Omniauth failed to detect the url -> Authentication passthru

[seballot]

Configuration

• Provider Gem: omniauth
• Framework: Rails 7

Problem and easy fix

I don't know why, but inside omniauth strategy, the current_path is always with double /
i.e. //users/auth/xxx instead of /users/auth/xxx

So it makes the method

omniauth/lib/omniauth/strategy.rb

Lines 293 to 295 in 66110da

	def on_path?(path)
	current_path.casecmp(path).zero?
	end

always returning false. Then the middleware do not catch the route and it always ends up with Authentication passthru (note that is only hapenning on my production env, not on my local dev)

An easy fix is to change the method to following
to

def on_path?(path)
  current_path.squeeze("/").casecmp(path.squeeze("/")).zero?
end

I know this is probably a problem linked to my app, but I have struggling 4hours on this.

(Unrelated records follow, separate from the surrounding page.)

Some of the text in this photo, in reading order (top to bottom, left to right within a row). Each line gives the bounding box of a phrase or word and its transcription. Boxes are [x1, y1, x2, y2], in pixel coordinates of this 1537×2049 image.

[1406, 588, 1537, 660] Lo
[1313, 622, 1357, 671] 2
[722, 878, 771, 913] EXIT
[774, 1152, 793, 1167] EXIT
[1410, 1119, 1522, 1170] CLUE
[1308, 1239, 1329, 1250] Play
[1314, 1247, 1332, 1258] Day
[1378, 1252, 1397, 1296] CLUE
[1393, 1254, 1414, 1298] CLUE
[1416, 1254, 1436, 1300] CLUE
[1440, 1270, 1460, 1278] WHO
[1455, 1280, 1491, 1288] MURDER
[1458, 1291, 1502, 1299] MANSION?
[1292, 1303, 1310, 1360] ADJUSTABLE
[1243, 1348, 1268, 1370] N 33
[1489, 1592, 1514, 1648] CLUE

It's a easy change that could save time for others

Thank you !
Sebastian
Ps: sorry I have been lazy for not submitting a PR for such small change

[tomatkapitalise]

Just to +1 this, such a messy bug to catch. My setup was a NGINX proxy_pass in a Dockerfile routing /api to http://rails:3000/.

The bug is that in NGINX if your location /api/ { line doesn't END(!!!) with a tailing-slash, then the trailing slash isn't removed when it's passed to Rails, meaning that Omniauth see's //users/auth/microsoft_graph_auth which it declares as invalid. Jury's out on whether that's right or wrong given technically they are two different URLs, but yeah.

Either way, half my weekend spent on a missing /.